Task item
Restate the lines word for word, from the one containing "Some of the words" through the last line of the entries below, without any other lines.

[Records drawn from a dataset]
* * * *
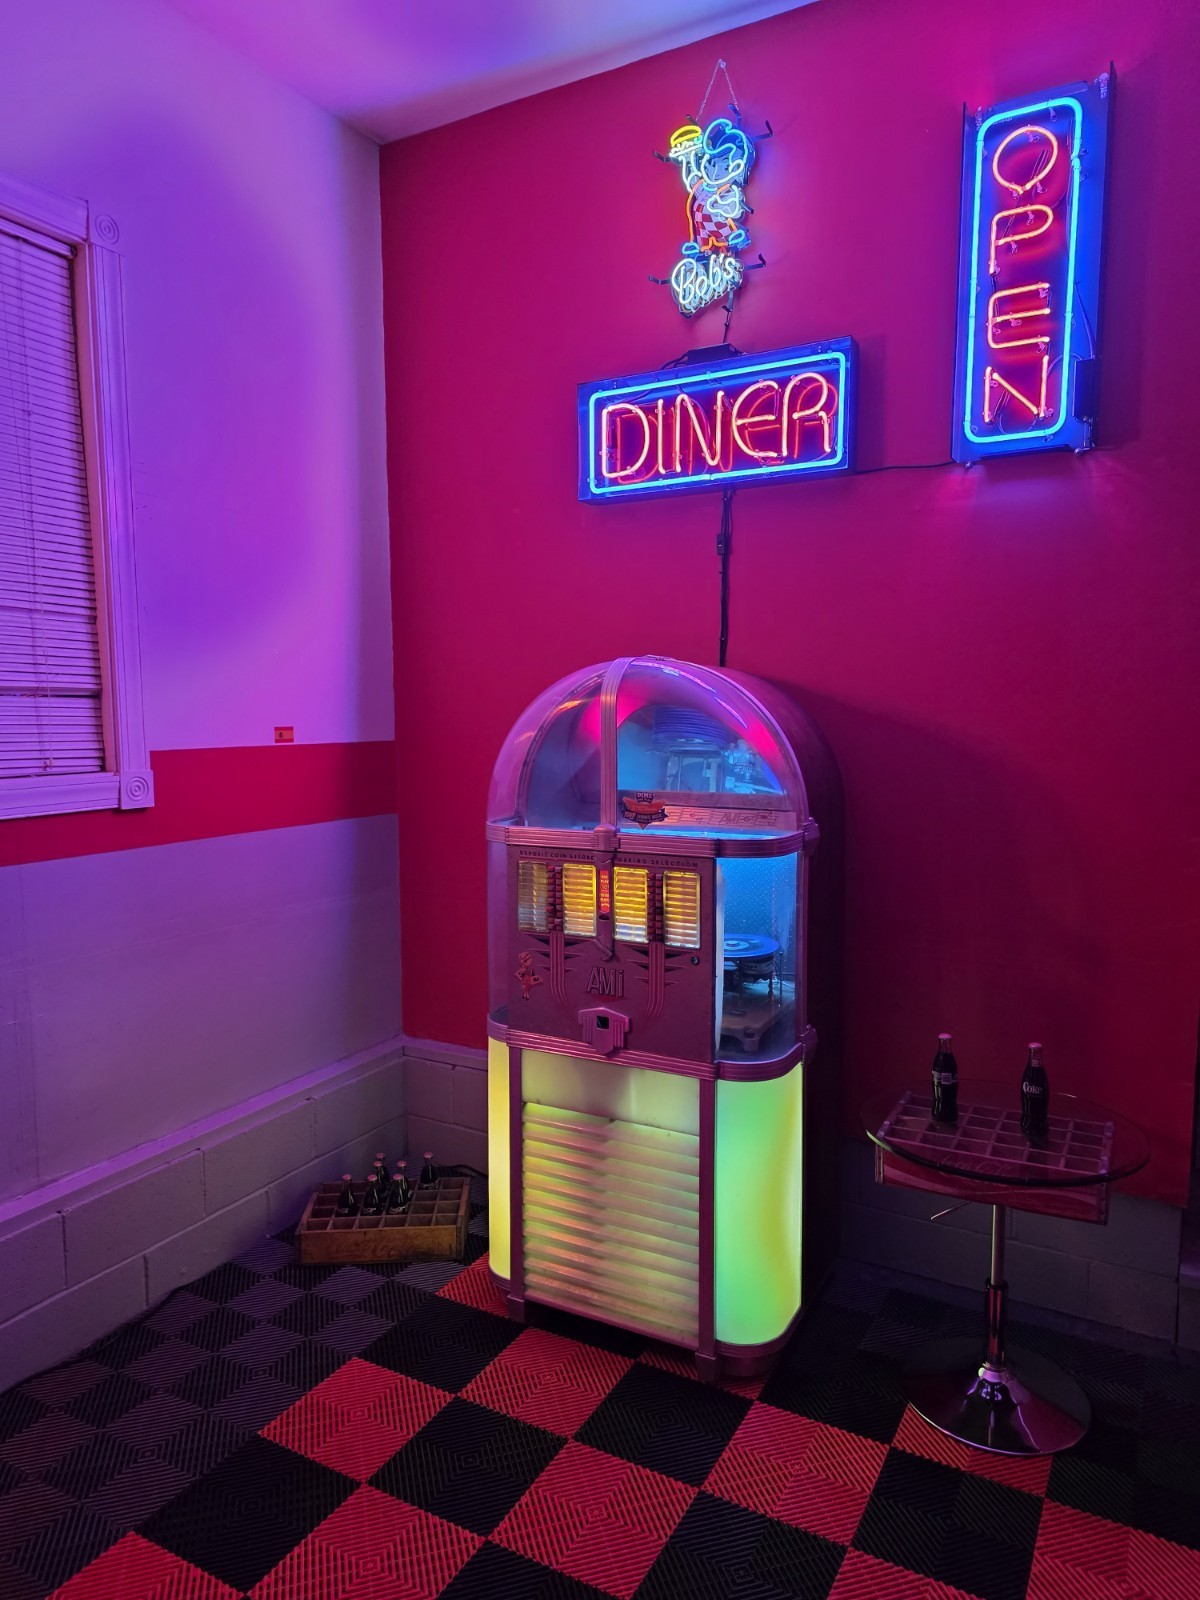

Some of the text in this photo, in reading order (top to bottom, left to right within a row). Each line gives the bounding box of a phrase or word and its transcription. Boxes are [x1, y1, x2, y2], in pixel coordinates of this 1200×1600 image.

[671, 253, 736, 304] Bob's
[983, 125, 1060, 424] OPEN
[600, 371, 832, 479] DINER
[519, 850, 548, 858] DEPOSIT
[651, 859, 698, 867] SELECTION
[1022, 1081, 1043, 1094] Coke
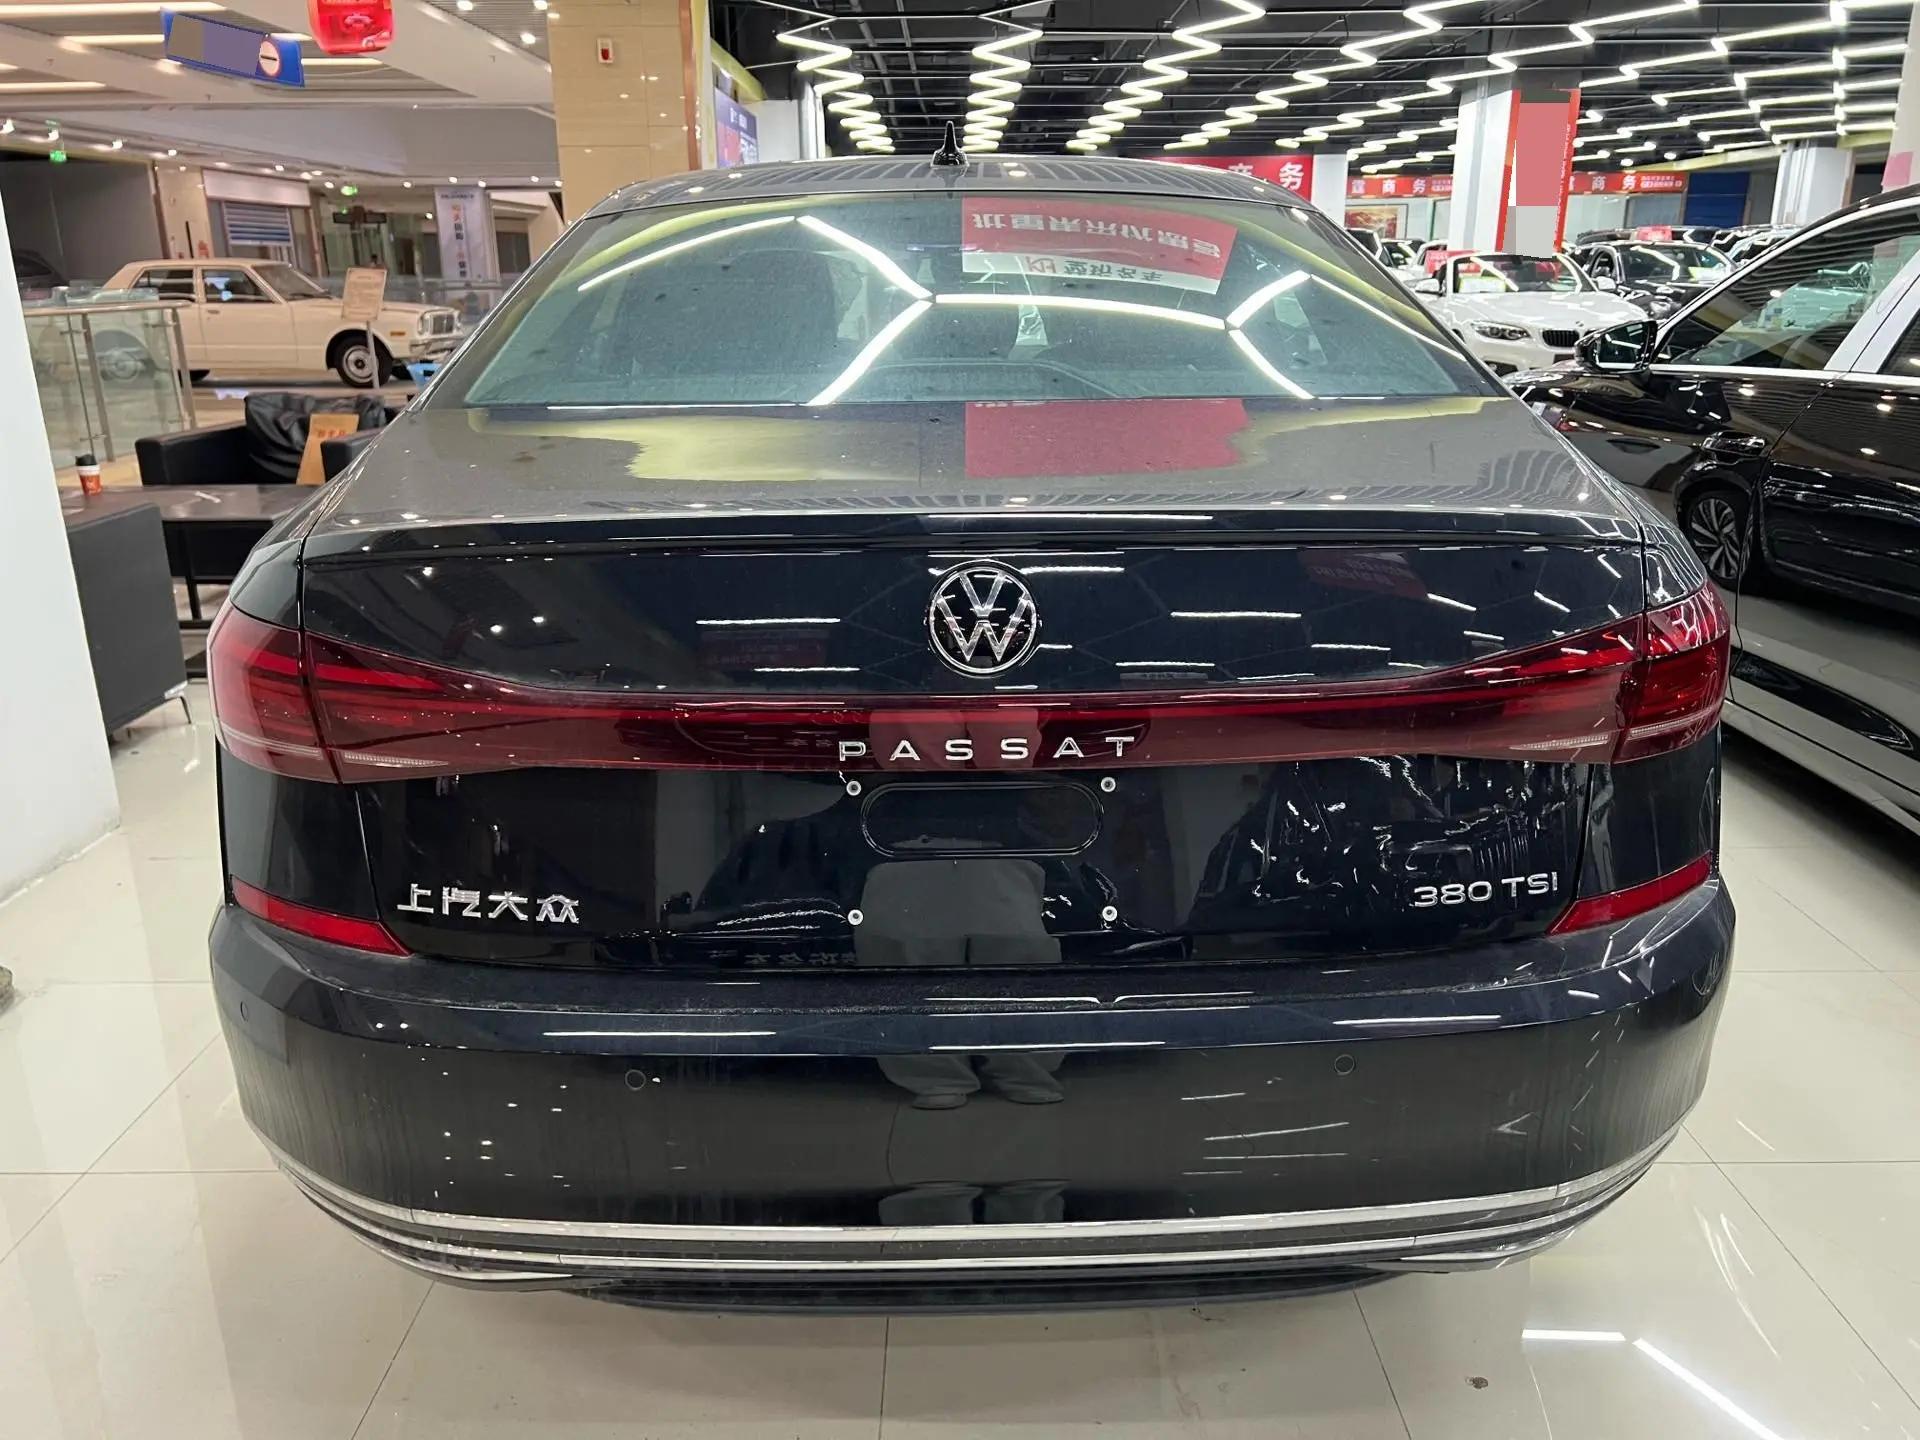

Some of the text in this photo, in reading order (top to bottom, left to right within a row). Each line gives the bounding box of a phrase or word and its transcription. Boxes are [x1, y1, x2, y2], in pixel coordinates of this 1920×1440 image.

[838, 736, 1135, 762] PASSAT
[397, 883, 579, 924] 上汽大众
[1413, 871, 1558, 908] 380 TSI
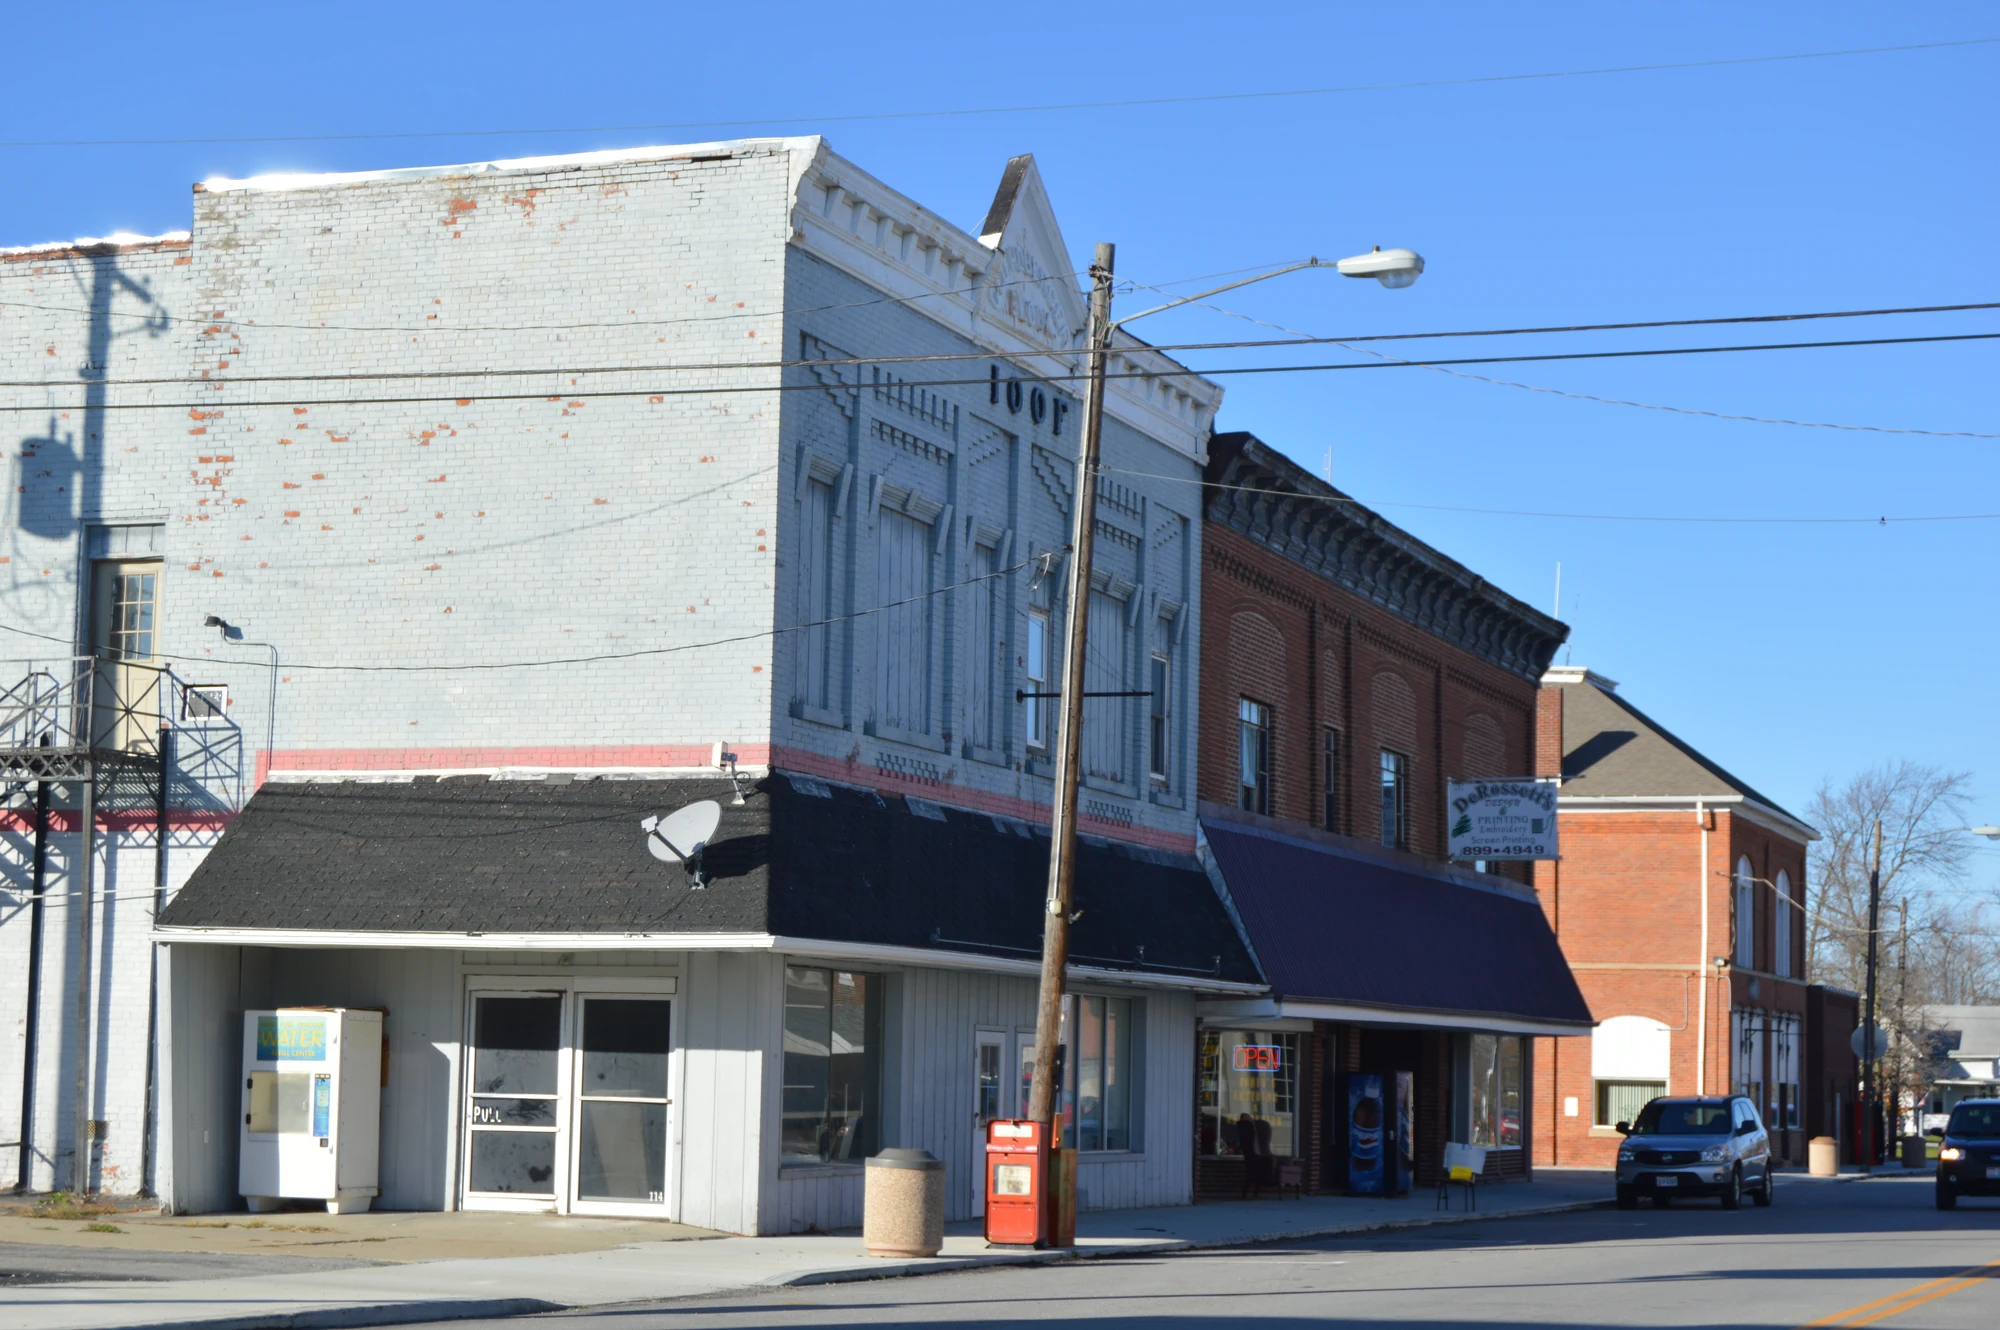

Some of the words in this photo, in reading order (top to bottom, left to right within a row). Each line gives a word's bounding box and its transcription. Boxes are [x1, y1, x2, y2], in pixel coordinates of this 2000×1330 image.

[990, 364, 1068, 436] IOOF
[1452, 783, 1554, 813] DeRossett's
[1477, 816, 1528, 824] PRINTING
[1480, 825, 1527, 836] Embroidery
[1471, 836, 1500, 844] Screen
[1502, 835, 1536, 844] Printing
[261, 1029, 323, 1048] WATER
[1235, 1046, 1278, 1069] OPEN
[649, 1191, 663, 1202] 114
* * * *
Output for this task
Some of the words in this photo, in reading order (top to bottom, left to right within a row). Each line gives a word's bounding box and its transcription. Boxes are [x1, y1, x2, y2], in pixel coordinates of this 2000×1330 image.

[990, 364, 1068, 436] IOOF
[1452, 783, 1554, 813] DeRossett's
[1477, 816, 1528, 824] PRINTING
[1480, 825, 1527, 836] Embroidery
[1471, 836, 1500, 844] Screen
[1502, 835, 1536, 844] Printing
[261, 1029, 323, 1048] WATER
[1235, 1046, 1278, 1069] OPEN
[649, 1191, 663, 1202] 114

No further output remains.